__WHAT NEEDS TO BE DONE__:
Reproduce the following data exactly, minus any images.

__INPUT MATERIAL__:
= = =

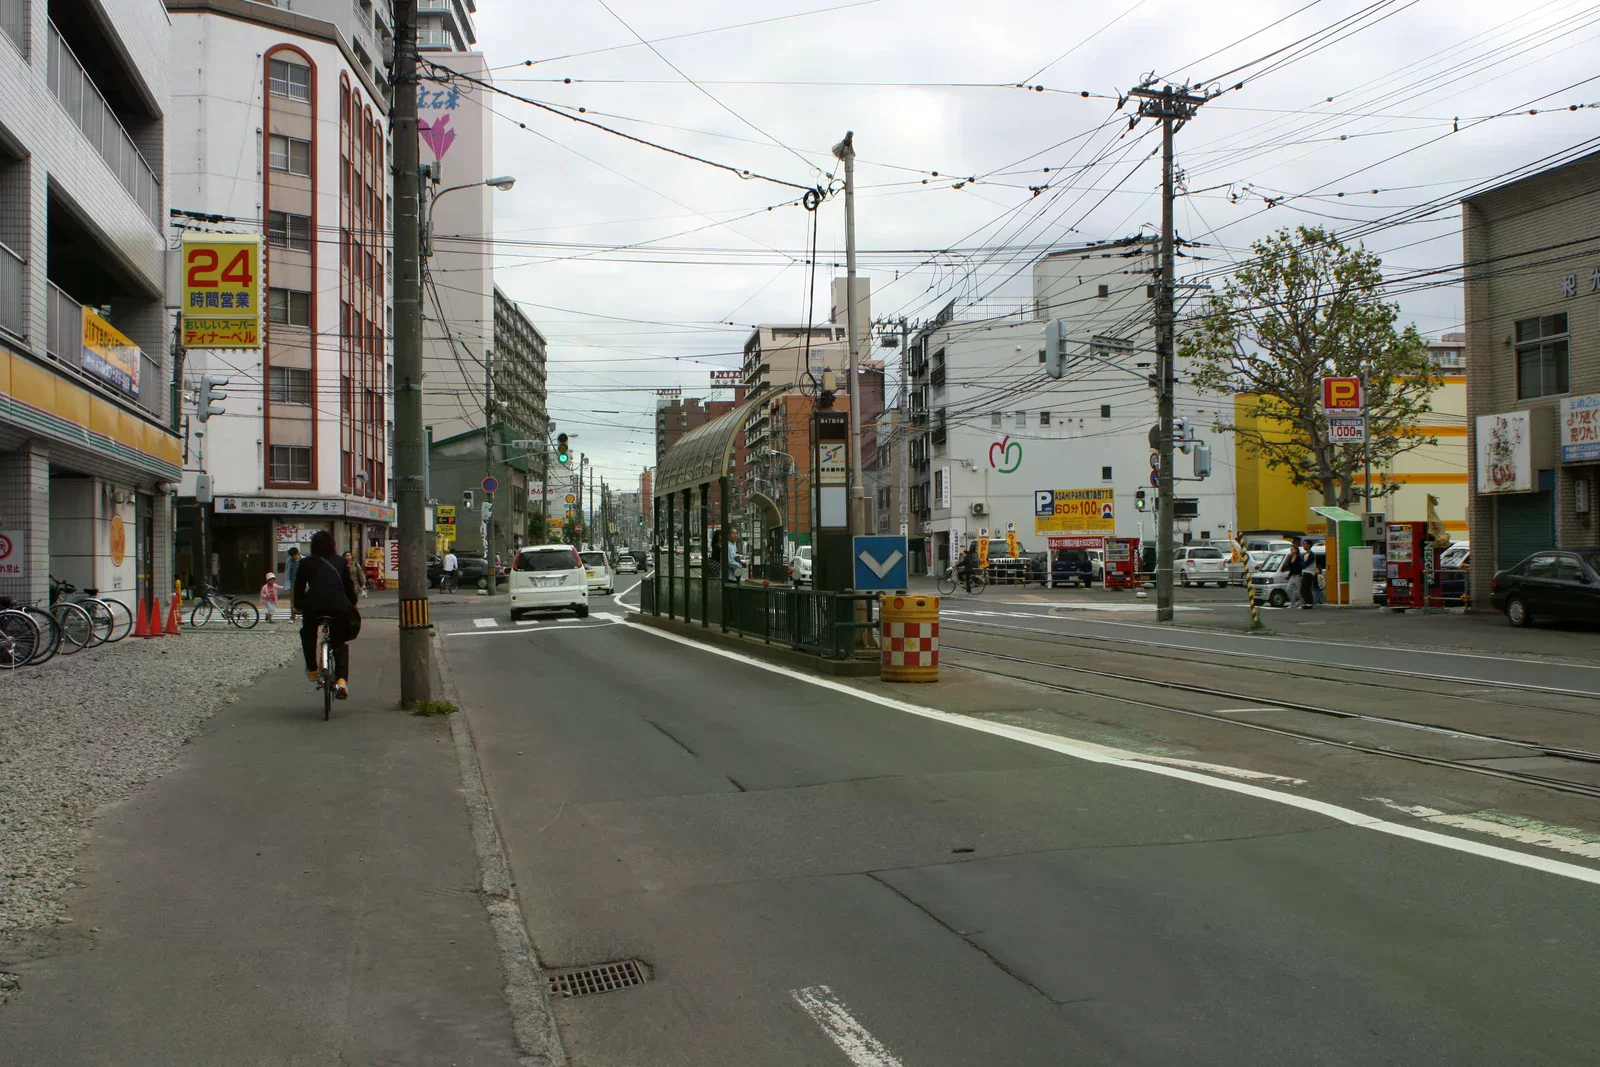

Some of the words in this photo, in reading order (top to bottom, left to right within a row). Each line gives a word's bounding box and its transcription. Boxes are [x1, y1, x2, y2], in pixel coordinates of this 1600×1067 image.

[188, 249, 252, 287] 24
[190, 292, 249, 308] 時間営業
[185, 321, 255, 330] おいしいスーパー
[186, 331, 255, 343] ディナーベル
[1331, 381, 1355, 407] P
[1330, 426, 1363, 438] 1,000円
[1036, 491, 1053, 512] P
[1055, 491, 1070, 500] ASAHI
[291, 501, 319, 511] チング
[390, 541, 398, 571] KIRIN
[980, 539, 988, 566] OPEN
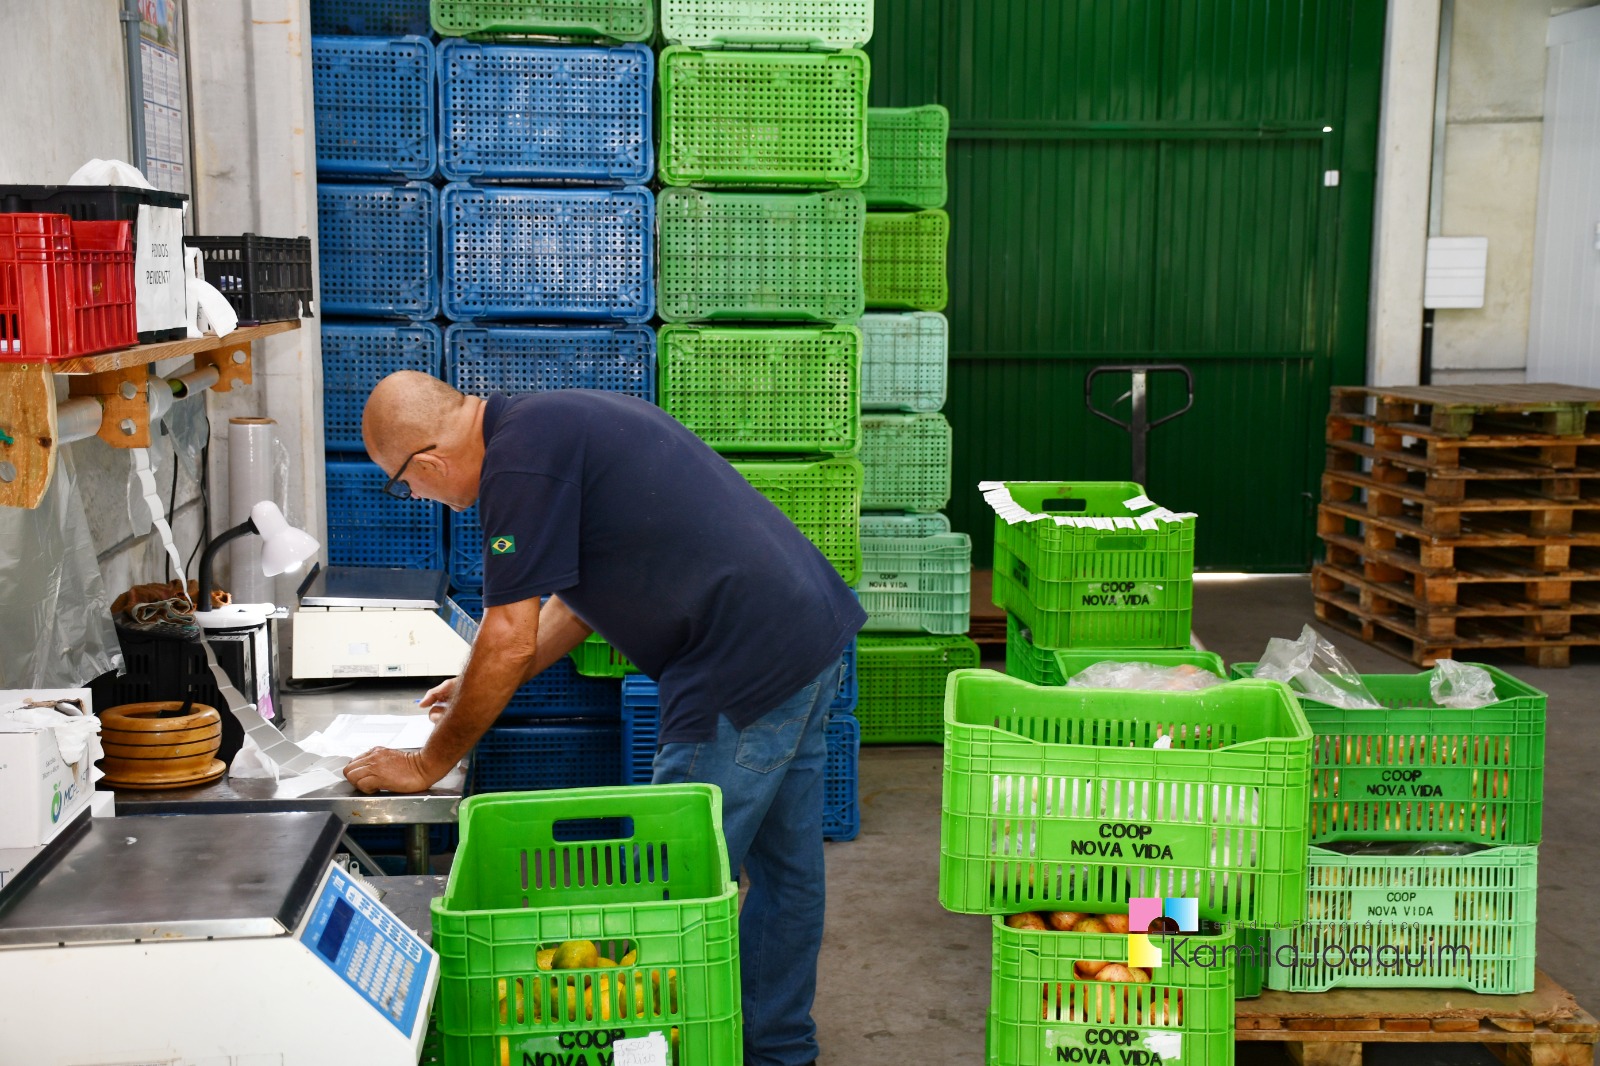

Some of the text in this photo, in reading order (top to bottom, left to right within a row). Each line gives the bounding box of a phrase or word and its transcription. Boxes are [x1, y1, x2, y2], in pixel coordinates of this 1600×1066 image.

[890, 581, 908, 589] VIDA
[1101, 581, 1136, 593] COOP
[1082, 594, 1150, 606] NOVA VIDA
[1381, 770, 1423, 783] COOP
[1366, 784, 1443, 797] NOVA VIDA
[1099, 823, 1153, 840] COOP
[1070, 840, 1174, 860] NOVA VIDA
[1386, 892, 1417, 902] COOP
[1367, 906, 1434, 916] NOVA VIDA
[558, 1028, 626, 1050] COOP
[1085, 1028, 1140, 1046] COOP
[522, 1051, 590, 1066] NOVA
[1056, 1046, 1163, 1066] NOVA VIDA
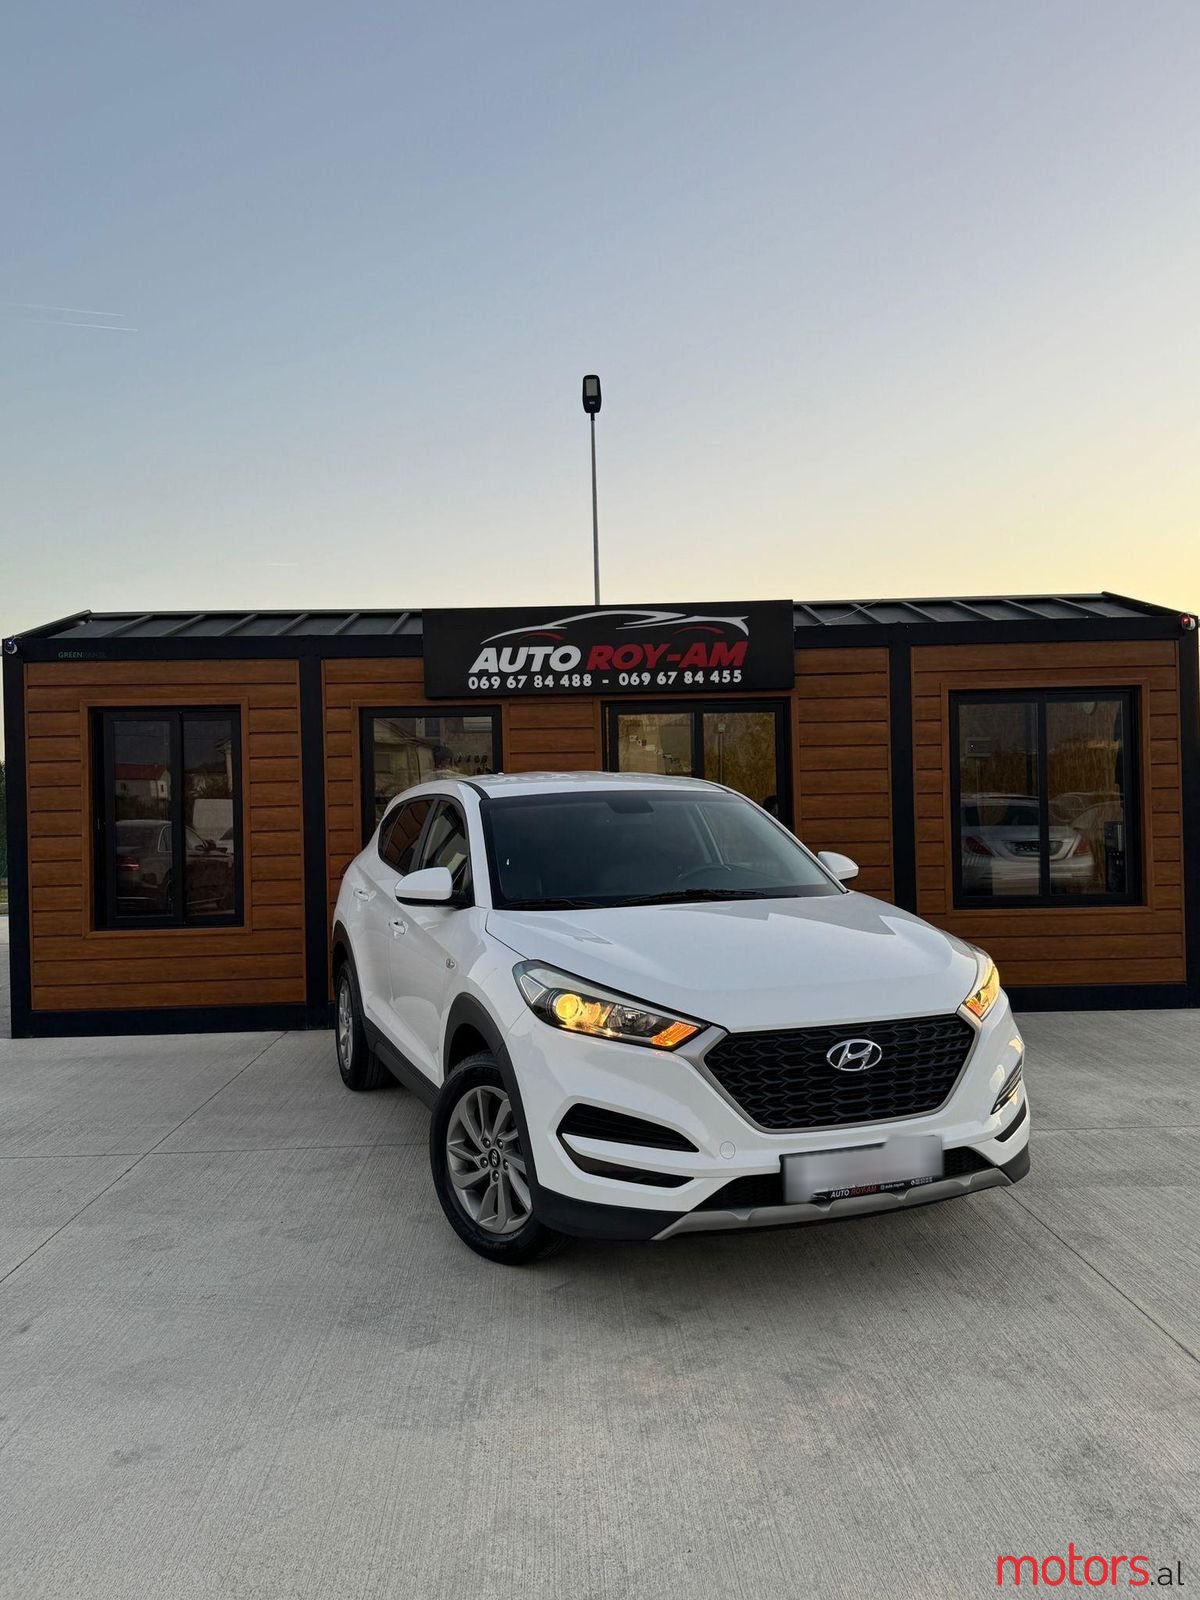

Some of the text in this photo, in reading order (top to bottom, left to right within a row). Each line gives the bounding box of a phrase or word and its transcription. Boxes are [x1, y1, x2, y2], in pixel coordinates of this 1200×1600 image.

[468, 641, 748, 673] AUTO ROY-AM
[468, 676, 501, 690] 069
[506, 675, 528, 689] 67
[533, 674, 554, 688] 84
[559, 673, 592, 687] 488
[618, 672, 651, 686] 069
[656, 671, 678, 685] 67
[683, 671, 704, 684] 84
[709, 669, 742, 683] 455
[830, 1189, 850, 1199] AUTO
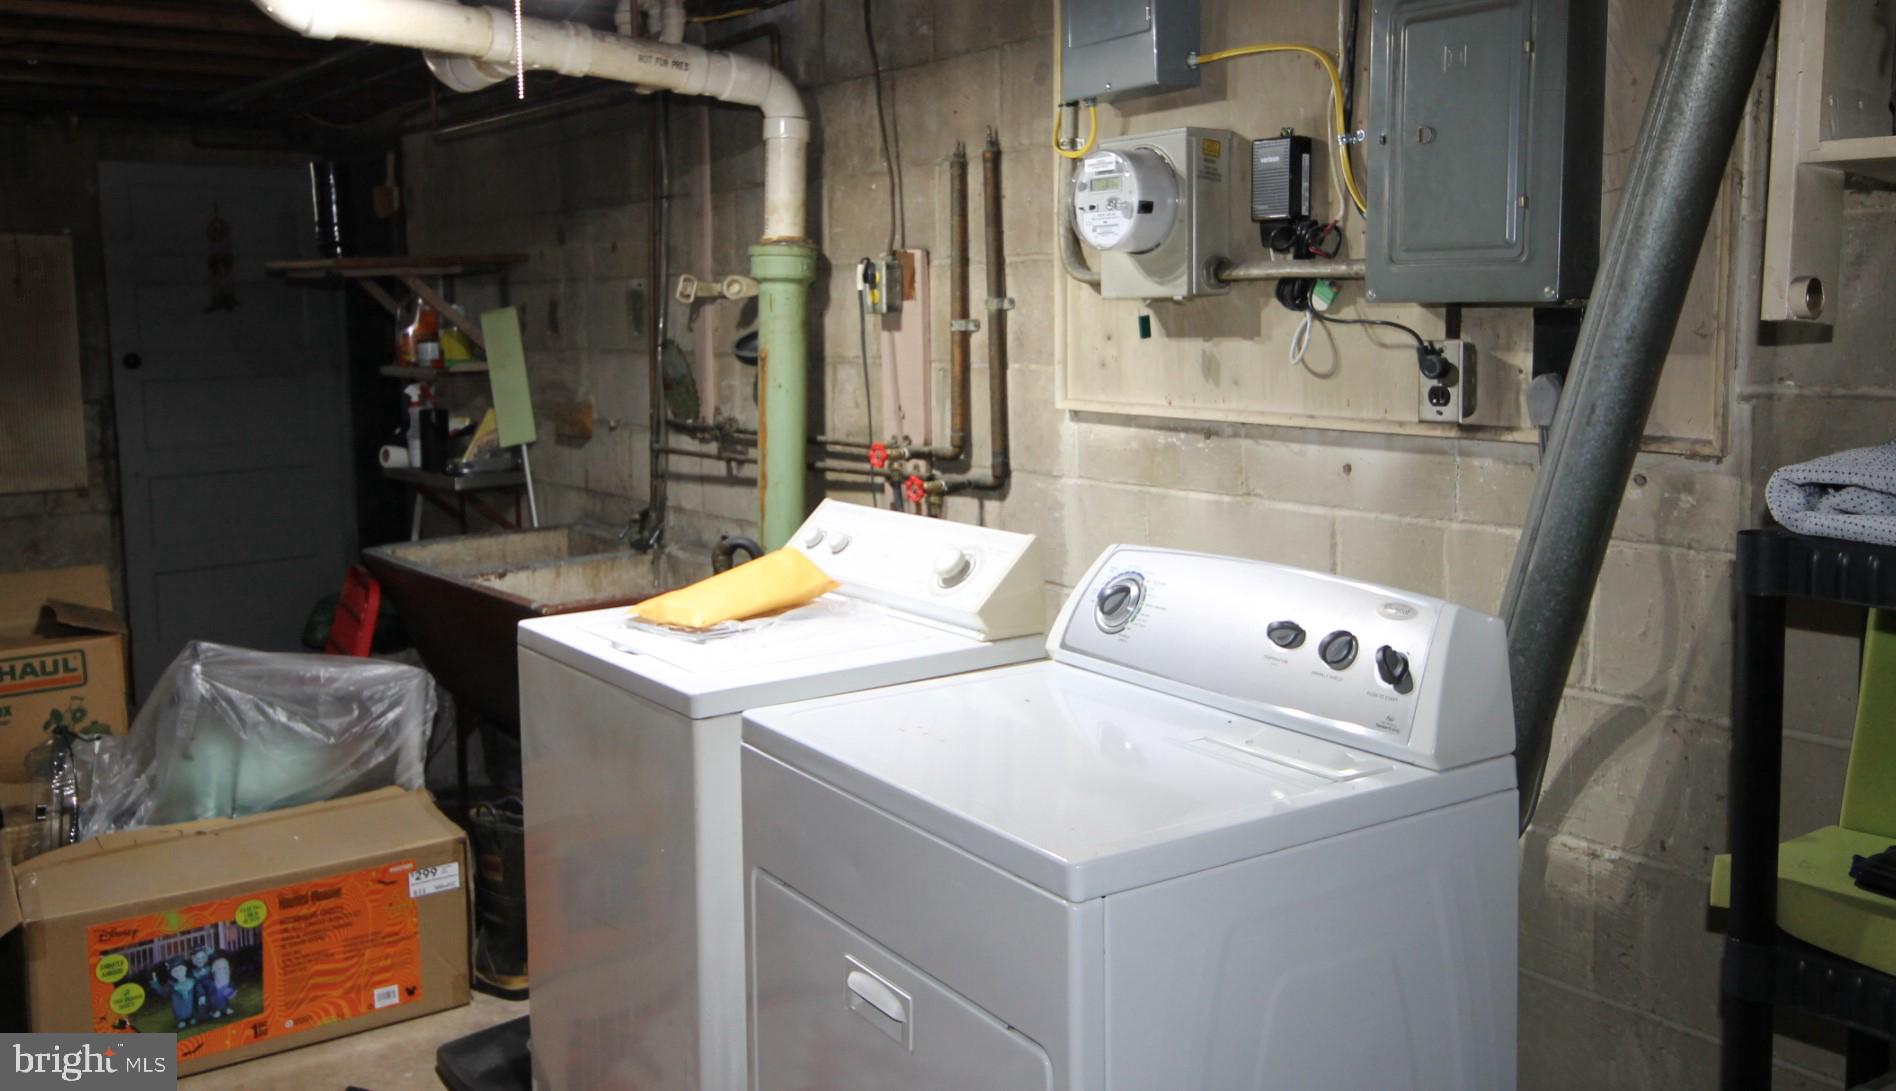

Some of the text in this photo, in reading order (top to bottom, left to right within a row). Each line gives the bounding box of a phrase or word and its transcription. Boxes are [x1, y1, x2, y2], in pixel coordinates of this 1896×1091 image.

[638, 54, 653, 64] NOT
[655, 57, 669, 67] FOR
[0, 657, 78, 681] HAUL
[97, 928, 139, 944] Disney
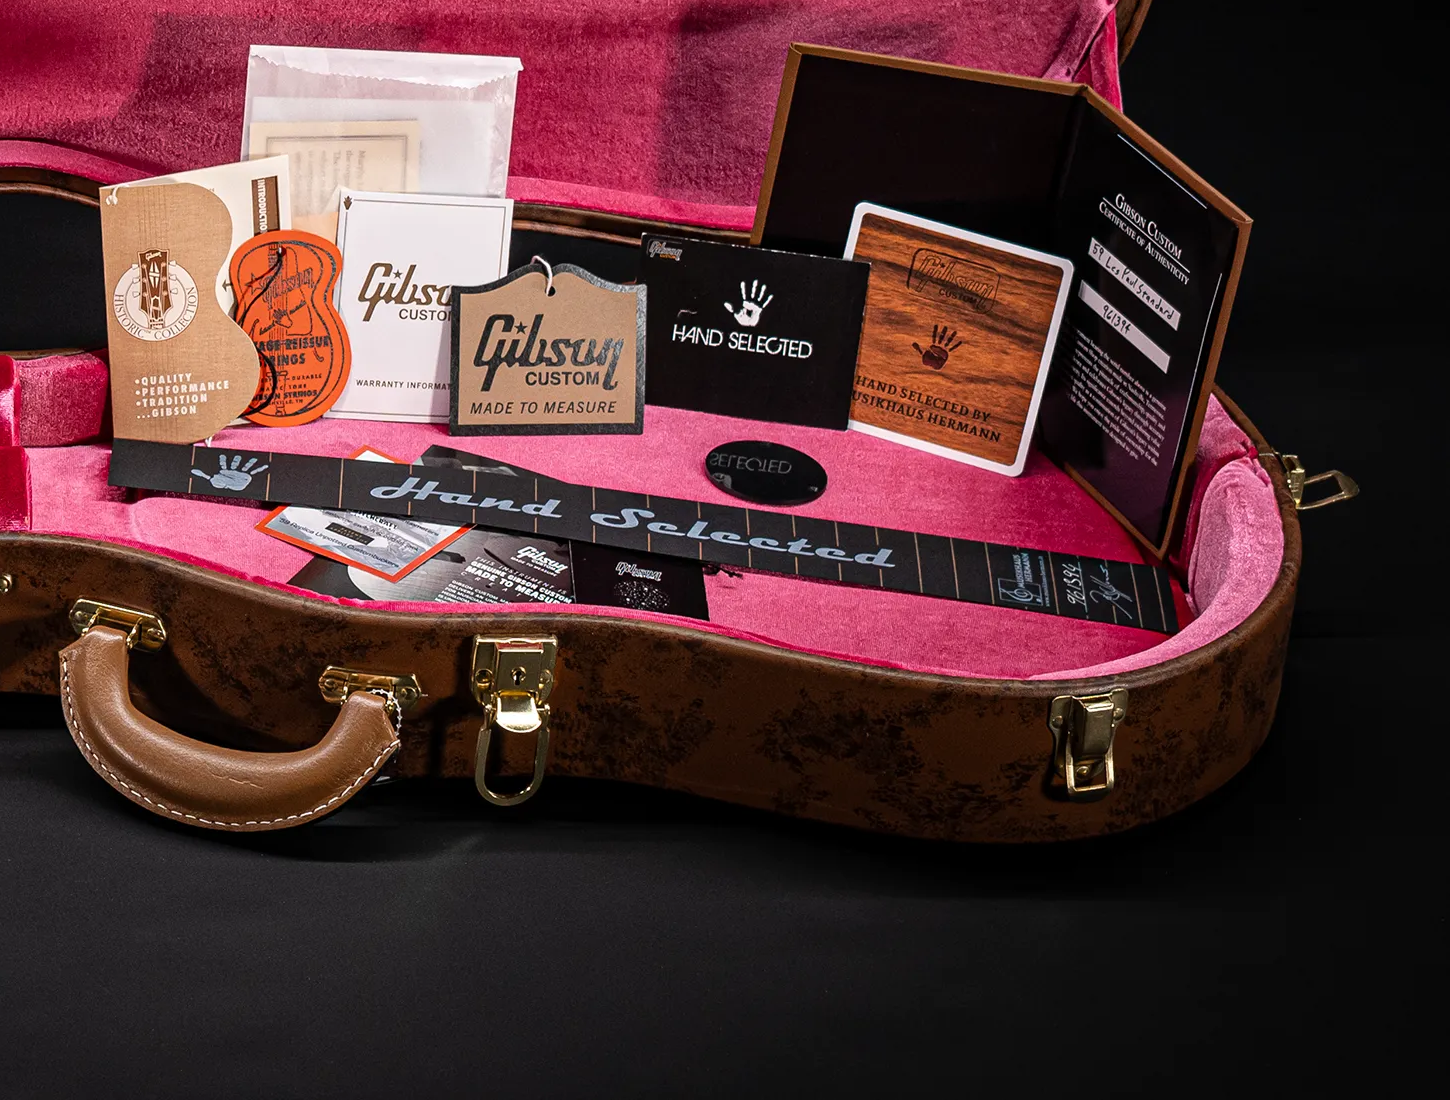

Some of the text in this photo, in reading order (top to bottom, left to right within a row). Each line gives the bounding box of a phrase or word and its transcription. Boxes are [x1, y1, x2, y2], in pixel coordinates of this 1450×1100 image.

= = =

__FINAL ANSWER__:
Some of the words in this photo, in reading order (top to bottom, left to right within a row). Each line gives a word's bounding box and its transcription. Boxes are [x1, y1, x2, y2], in pixel coordinates of this 1600×1067 image.

[188, 249, 252, 287] 24
[190, 292, 249, 308] 時間営業
[185, 321, 255, 330] おいしいスーパー
[186, 331, 255, 343] ディナーベル
[1331, 381, 1355, 407] P
[1330, 426, 1363, 438] 1,000円
[1036, 491, 1053, 512] P
[1055, 491, 1070, 500] ASAHI
[291, 501, 319, 511] チング
[390, 541, 398, 571] KIRIN
[980, 539, 988, 566] OPEN

Some of the text in this photo, in reading order (top to bottom, left to right within a row). Each line gives the bounding box of a phrase or word and its transcription. Boxes are [x1, y1, x2, y2], in pixel coordinates of this 1600×1066 image.

[890, 581, 908, 589] VIDA
[1101, 581, 1136, 593] COOP
[1082, 594, 1150, 606] NOVA VIDA
[1381, 770, 1423, 783] COOP
[1366, 784, 1443, 797] NOVA VIDA
[1099, 823, 1153, 840] COOP
[1070, 840, 1174, 860] NOVA VIDA
[1386, 892, 1417, 902] COOP
[1367, 906, 1434, 916] NOVA VIDA
[558, 1028, 626, 1050] COOP
[1085, 1028, 1140, 1046] COOP
[522, 1051, 590, 1066] NOVA
[1056, 1046, 1163, 1066] NOVA VIDA

Some of the text in this photo, in reading order (top to bottom, left to right within a row). Each line gives the bounding box of a phrase or word and its transcription. Boxes are [x1, y1, x2, y2], in pixel coordinates of this 1200×1600 image.

[468, 641, 748, 673] AUTO ROY-AM
[468, 676, 501, 690] 069
[506, 675, 528, 689] 67
[533, 674, 554, 688] 84
[559, 673, 592, 687] 488
[618, 672, 651, 686] 069
[656, 671, 678, 685] 67
[683, 671, 704, 684] 84
[709, 669, 742, 683] 455
[830, 1189, 850, 1199] AUTO

Some of the text in this photo, in reading order (top to bottom, left to right within a row). Each line gives the bounding box of a phrase or word and its transcription. Boxes are [x1, y1, x2, y2], in pixel coordinates of this 1896×1091 image.

[638, 54, 653, 64] NOT
[655, 57, 669, 67] FOR
[0, 657, 78, 681] HAUL
[97, 928, 139, 944] Disney

Some of the text in this photo, in reading order (top to bottom, left to right within a row). Each line gives the bounding box of a phrase or word and its transcription. Boxes are [x1, y1, x2, y2], in pixel coordinates of this 1450×1100 image.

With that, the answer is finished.